We would like to know number of sequences on the paper with xor sum equal to 0 for each length. Specifically, we want N numbers, where the ith number denotes the number of sequences with length i and with xor sum equal to 0. We only want each number modulo M.
Constraints
1≤N≤8000
0≤ai<64
0≤bi<64
1≤M≤10^5
Example:
N = 4 M = 1000
A = 2 2 3 1
B = 2 3 2 2
Output:
0
5
2
4
Explanation
There are 5 possible ws with length 2:
For (L,R)=(1,2): (2,2) and (2,2)
For (L,R)=(2,3): (2,2) and (3,3)
For (L,R)=(3,4): (2,2)
There are 2 possible ws with length 3:
For (L,R)=(2,4): (2,3,1) and (3,2,1)
There are 4 possible ws with length 4:
For (L,R)=(1,4): (2,2,2,2), (2,2,2,2), (2,3,3,2) and (2,3,3,2)
A sub-optimal solution:
At first the problem appears pretty intractable. But then we notice that the various values for ai and bi lie between [0, 63]. This can be exploited in order to design a dynamic programming solution. Here was my first take on this solution.
In particular, consider maintaining a DP cache of capacity [2][64]. The [2] portion is used to maintain the sizes of the cache for the “previous” and the “next” iterations in the bottom-up DP algorithm. The [64] is used to track the number of sequences that XOR to that particular value.
This cache is initialized by the actual a[i] and b[i] counts (i.e. all XOR sequences with size = 1). This is our base case. We then proceed through increasing values of size from 2 to L, and keep updating the counts in the DP cache. Simultaneously, we update the xorCount[] array with the results after each iteration of size, so that we can print out the answers at the end.
This solution is functionally correct. However it is really slow. The algorithmic complexity is O(N^2 * 2^M), or in this case O(N^2 * 64); where N = length of the sequences and 2^M = the max value of each element (Here 2^M = 64). In terms of actual runtime, this algorithm takes around 19 seconds on most of the inputs. The time limit cutoff was 2 seconds, so this is about 10 times slower!

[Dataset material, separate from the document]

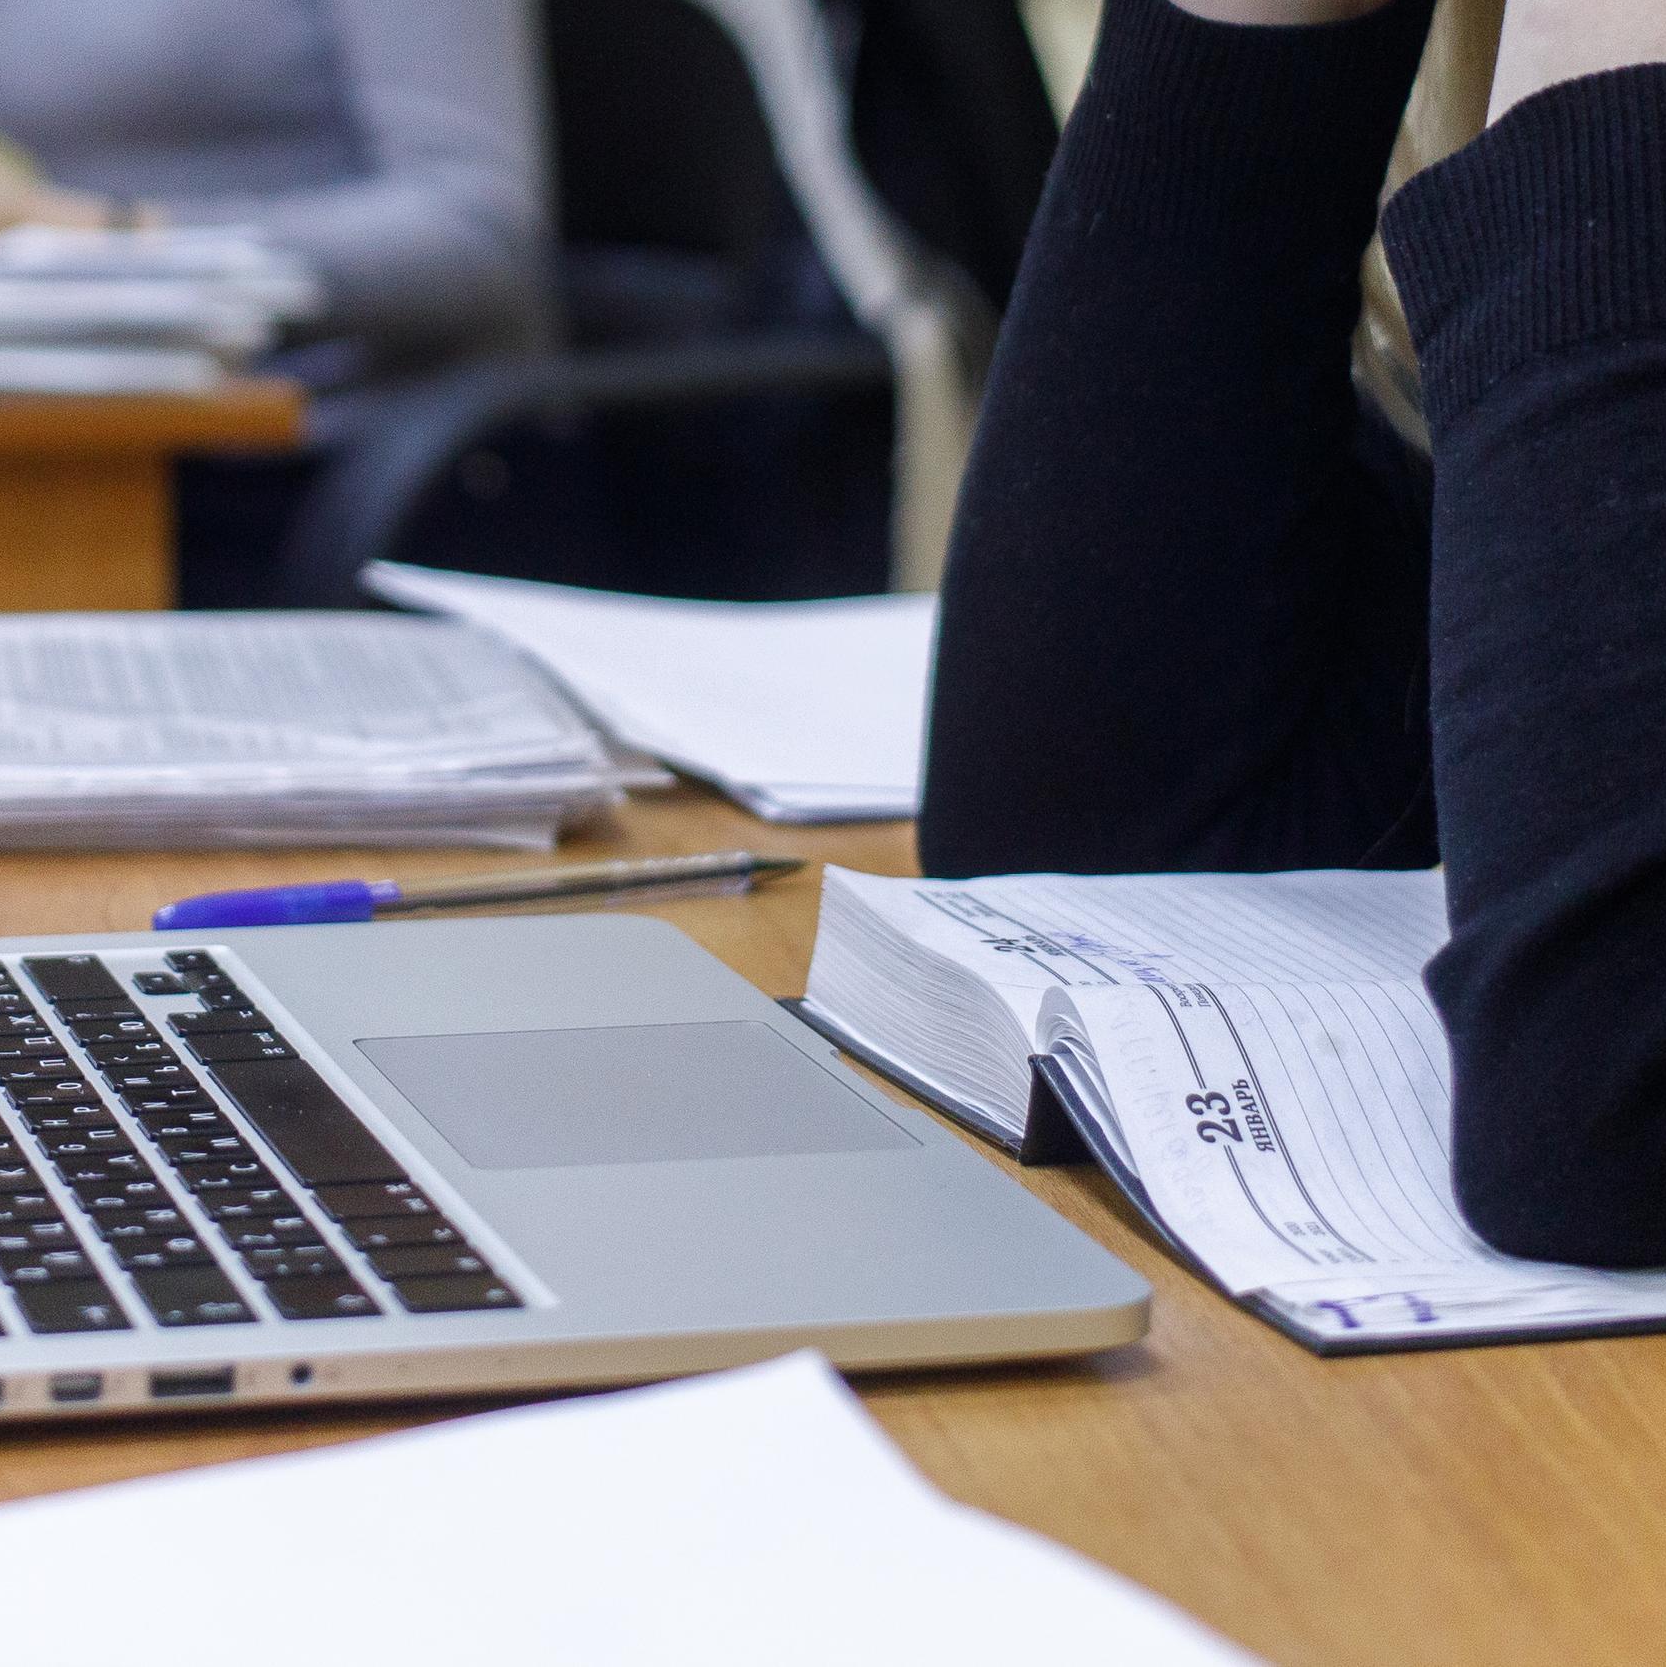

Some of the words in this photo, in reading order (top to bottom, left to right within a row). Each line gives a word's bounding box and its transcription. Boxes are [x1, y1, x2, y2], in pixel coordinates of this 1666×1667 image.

An Algorithmic Optimization Attempt
Of course, my first thought in the contest was to try and optimize this algorithmically. It seems that the problem should be amenable to a divide-and-conquer approach. Divide the sequences into two portions, compute the corresponding values for size/2, and then in the merge step get the corresponding values for everything from size/2+1 to size.
Seems simple in theory. There was only one problem…. For the life of me, I could not figure out how to do the merge step in time less than O(n^2). No matter what I tried, the merge step kept taking quadratic time. And if the merge takes quadratic time, then the overall complexity of the algorithm will be dominated by this factor, as per the master theorem. Clearly such a solution is no better than my DP solution.
EDIT: I peeked at the editorial after the contest. Turns out D&C was indeed the way to go, but the merge step required knowledge of Fast Fourier Transform to do it faster than O(N^2). Sounds fascinating! I need to put that in my mental queue, so that I can go back and learn this technique.
So what do I do now? The clock is ticking on the problem, and I can’t seem to figure out a solution better than O(N^2). Well, since it was a weekend, and I had plenty of time, I literally started fooling around with the code. What optimization tricks could I pull off on my DP solution, in order to make it run faster?
When Constant Factors Matter…
I’m lucky to have had a really good compilers professor in grad school. I have also worked at Intel on the x86 simulator team for the last 5 years, so I’m pretty familiar with the low level workings of a CPU. Could I perhaps exploit this knowledge to improve the runtime of my code somehow? Of course, there’s no way I could improve the runtime from 19 seconds to 2 seconds needed for a successful submission… could I? I had no idea, but I knew I wanted to tweak the code as much as possible…
Let’s examine the bottlenecks in my code:
Optimizing away the modulus:
The very first thing that jumps out is the number of times I perform modulus all over the code. This wouldn’t be a problem if M was a power of two. In such a case this turns out to be a simple bit operation. However the general integer division instruction is far slower. (Integer division performs both divide and modulus to give quotient and remainder). So performing modulus all over the place is definitely slowing down the code by introducing latencies in the CPU pipeline. These have got to go.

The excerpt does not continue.